How to complete this task — Transcribe all the entries word for word, but omit the images.

Phrase grounding data —

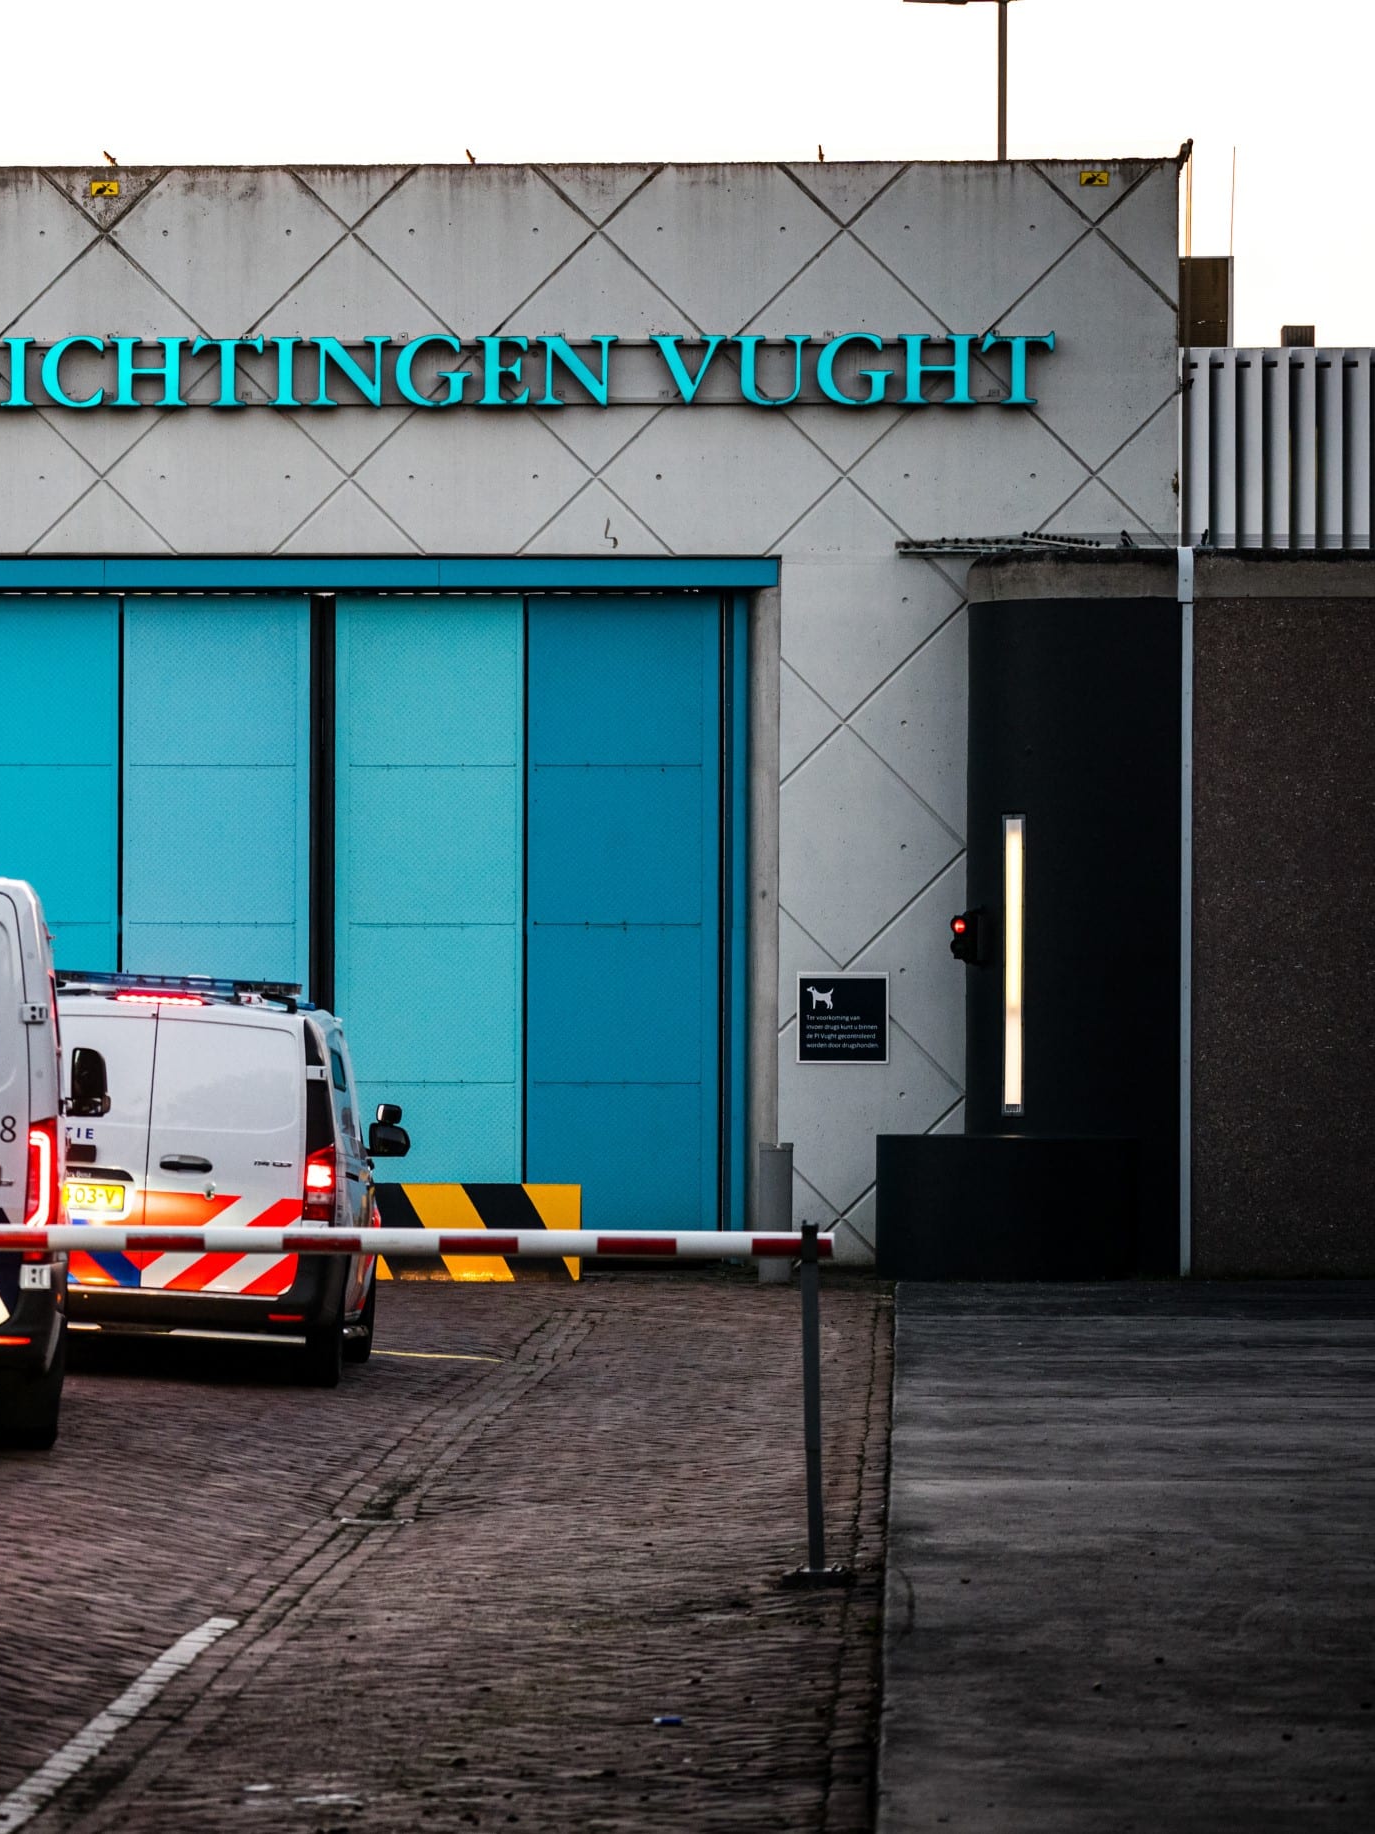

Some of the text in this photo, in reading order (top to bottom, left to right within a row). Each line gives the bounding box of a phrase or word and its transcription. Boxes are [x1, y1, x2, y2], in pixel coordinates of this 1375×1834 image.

[650, 330, 1056, 408] VUGHT
[816, 1014, 850, 1022] voorkoming
[824, 1023, 840, 1031] drugs
[0, 1114, 17, 1143] 8
[66, 1126, 94, 1140] TIE
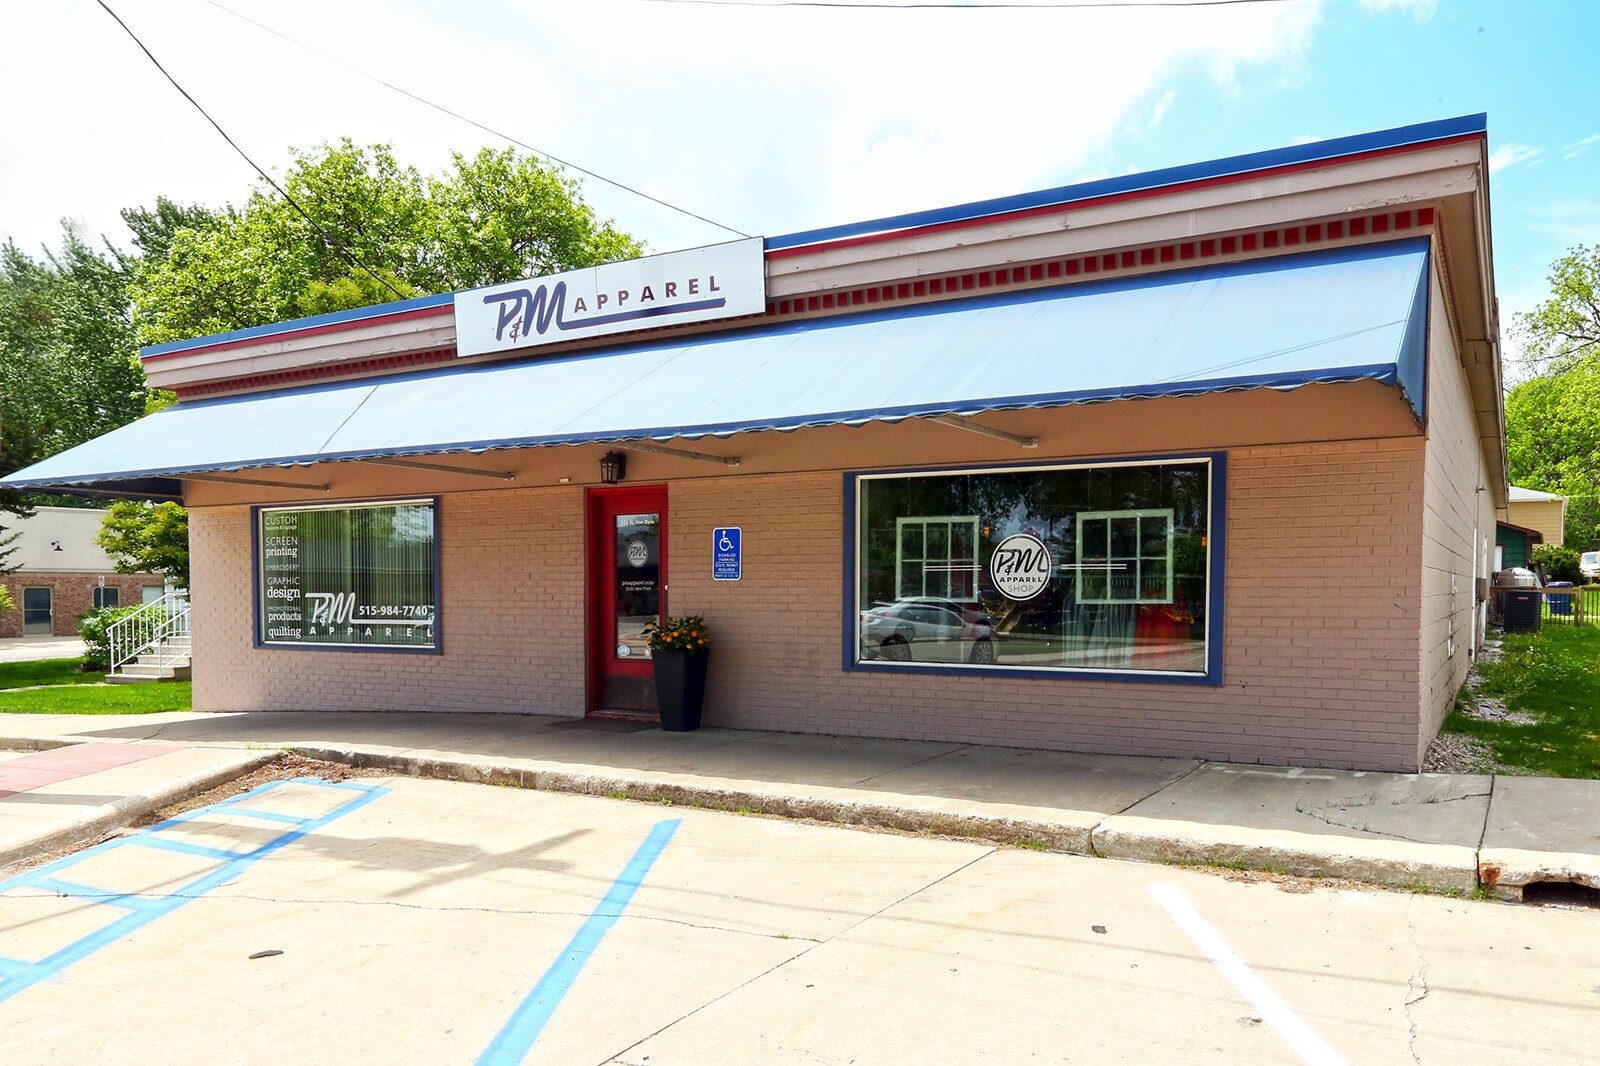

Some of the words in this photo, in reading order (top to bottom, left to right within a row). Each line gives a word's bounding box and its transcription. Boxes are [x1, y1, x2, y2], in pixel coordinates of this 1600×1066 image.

[483, 281, 567, 343] P&M
[574, 275, 721, 313] APPAREL
[265, 515, 298, 525] CUSTOM
[265, 536, 298, 546] SCREEN
[265, 546, 298, 558] printing
[996, 548, 1047, 576] P&M
[267, 576, 300, 585] GRAPHIC
[267, 586, 301, 601] design
[305, 592, 356, 626] P&M
[359, 605, 428, 616] 515-984-7740
[268, 612, 302, 623] products
[268, 626, 302, 639] quilting
[309, 626, 433, 637] APPAREL

Written reply —
Some of the text in this photo, in reading order (top to bottom, left to right within a row). Each line gives the bounding box of a phrase or word and its transcription. Boxes are [x1, y1, x2, y2], in pixel coordinates of this 1375×1834 image.

[650, 330, 1056, 408] VUGHT
[816, 1014, 850, 1022] voorkoming
[824, 1023, 840, 1031] drugs
[0, 1114, 17, 1143] 8
[66, 1126, 94, 1140] TIE

Some of the words in this photo, in reading order (top to bottom, left to right within a row). Each line gives a word's bounding box and its transcription. Boxes are [x1, y1, x2, y2], in pixel coordinates of this 1600×1066 image.

[483, 281, 567, 343] P&M
[574, 275, 721, 313] APPAREL
[265, 515, 298, 525] CUSTOM
[265, 536, 298, 546] SCREEN
[265, 546, 298, 558] printing
[996, 548, 1047, 576] P&M
[267, 576, 300, 585] GRAPHIC
[267, 586, 301, 601] design
[305, 592, 356, 626] P&M
[359, 605, 428, 616] 515-984-7740
[268, 612, 302, 623] products
[268, 626, 302, 639] quilting
[309, 626, 433, 637] APPAREL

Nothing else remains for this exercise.